Anyway, two cheers for the guys hoping to sell their un-vaccinated sperm. If any children come of the arrangement, I hope they name one after me.
I’ve written previously about my disenchantment with James Howard Kunstler, who at one time had much to say that I found compelling, useful, or at any rate worth reading. I thought I’d take a tour through his most recent blog post (title: ‘Danger, Cover Blowing’) and see how things are going in Kunstler world.
Kunstler kicks off by actually condemning the notion of not spreading disease, if you can believe it. His reasoning? That the disease spread anyway, therefore efforts to minimize deaths, overwhelmed hospitals, and long-term health consequences for millions of people were ‘inane’. Kunstler depicts the economic consequences of lockdowns and quarantining as resulting from ‘the gift [he means the virus] from Dr. Anthony Fauci and associates’ (more on the associates below). We’re off to a very strong start here.
This second paragraph is quite the tissue of truth and error. Kunstler’s grasp of cause and effect when it comes to vaccines, and the coronavirus generally, is notably dim. First and most obviously: yes, viruses in general do spread and burn through populations, but that’s especially true if nothing is done to stop them. Fortunately, something was done to stop this particular virus, with notable success (although not without sacrifice, which I for one felt as keenly as anyone, and more keenly than most of those fortunate enough not to lose their job).
It shouldn’t be necessary to point out that when Kunstler cites the recent death rate from the virus as ‘strikingly low’, he’s talking about a world where… drum roll please… lockdowns, masking and especially vaccines have actually been deployed, and have had their intended effect.

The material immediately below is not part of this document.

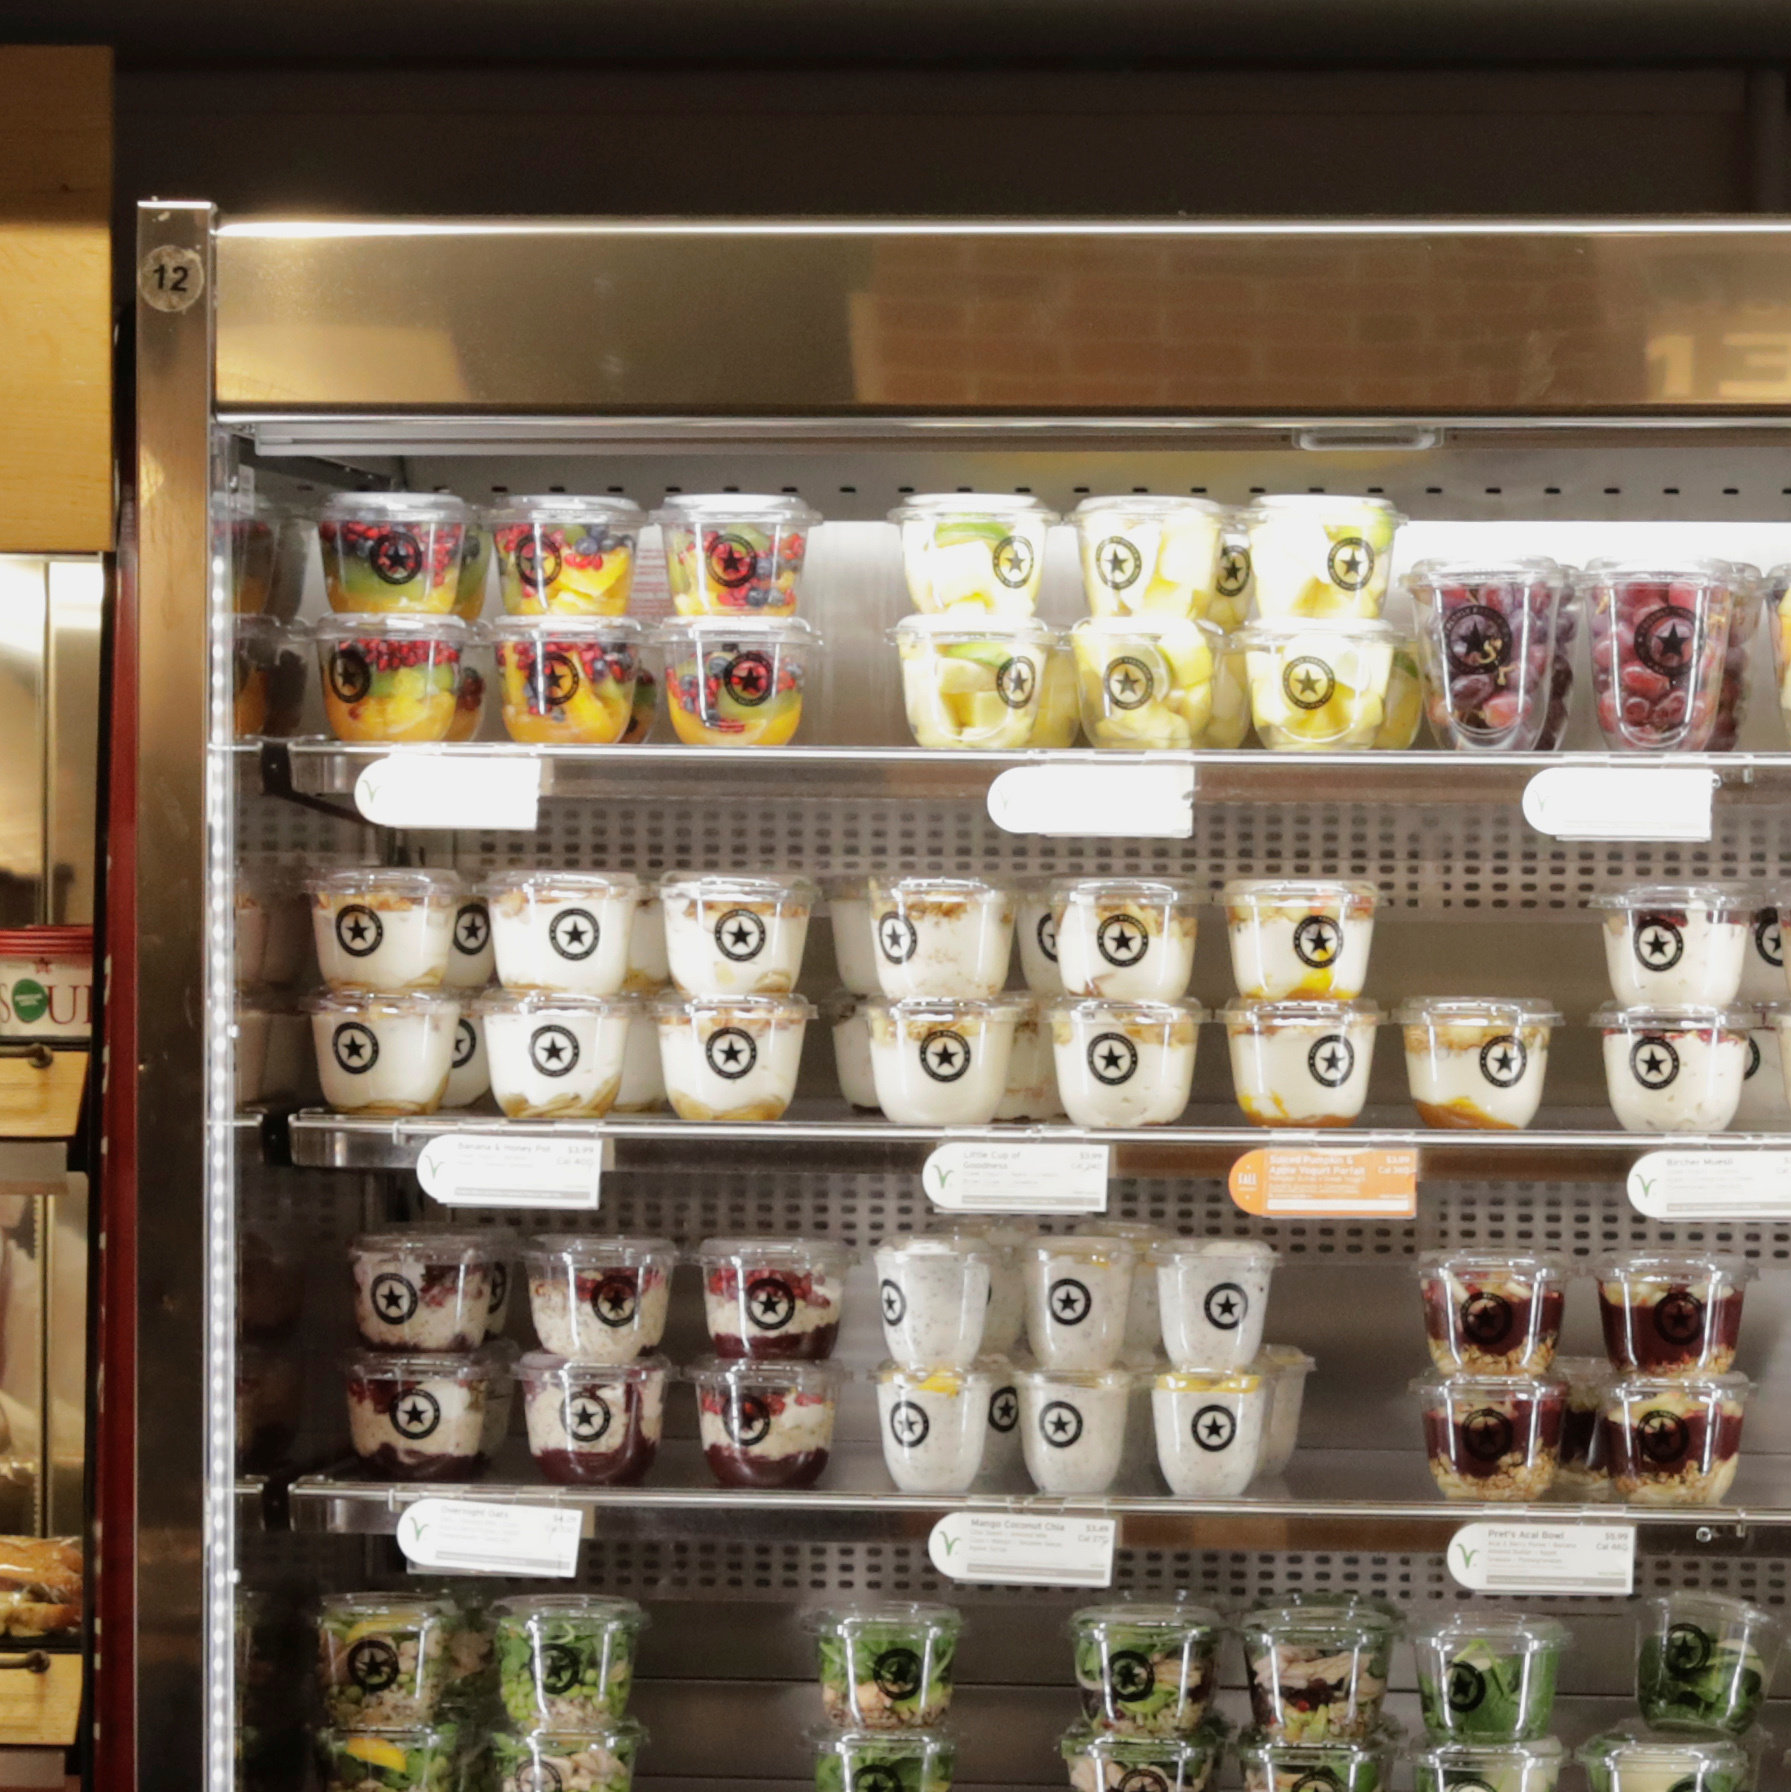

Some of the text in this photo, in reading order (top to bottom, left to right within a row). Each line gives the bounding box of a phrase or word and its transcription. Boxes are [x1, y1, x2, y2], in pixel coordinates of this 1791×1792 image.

In addition to being effective, the viruses deployed against COVID-19 over the past year have been quite safe as these things are measured, with adverse events tracked in the range of 23 per 100,000 doses as of July 30 (with just 6 per 100,000 classed as serious adverse events – Canadian figures, but not likely to be much different in Kunstler’s homeland).
In a previous post, Kunstler likewise demonstrates his poor grasp of cause and effect. Citing figures from the Vaccine Adverse Event Reporting System (VAERS), he argues that because deaths from vaccinations now exceed deaths from COVID (let’s just take his word for this), therefore vaccines are evil. Well, maybe, except that’s not the right comparison. A more meaningful comparison would be the number of vaccine-related deaths that have actually occurred, versus the expected number of COVID deaths had there been no vaccines. I’m reminded of the scene in Minority Report where Tom Cruise rolls a ball across a desk at Colin Farrell, to make a point about intervening in a foreseeable event. The line “The fact that you prevent it from happening doesn’t change the fact that it was going to happen” is correct. And with the pandemic, we don’t even have to invoke science-fantasy notions like people with precognition who can see murders before they happen. We only need to grasp the everyday notion that things we’ve seen happen before, like the spread of disease, can happen again in the right circumstances. The dog that didn’t bark in the nighttime, or that only barked once or twice, is far preferable to the dog that kept everyone awake barking its head off all night long. There’s nothing hard to understand about this, we just need to keep our heads straight.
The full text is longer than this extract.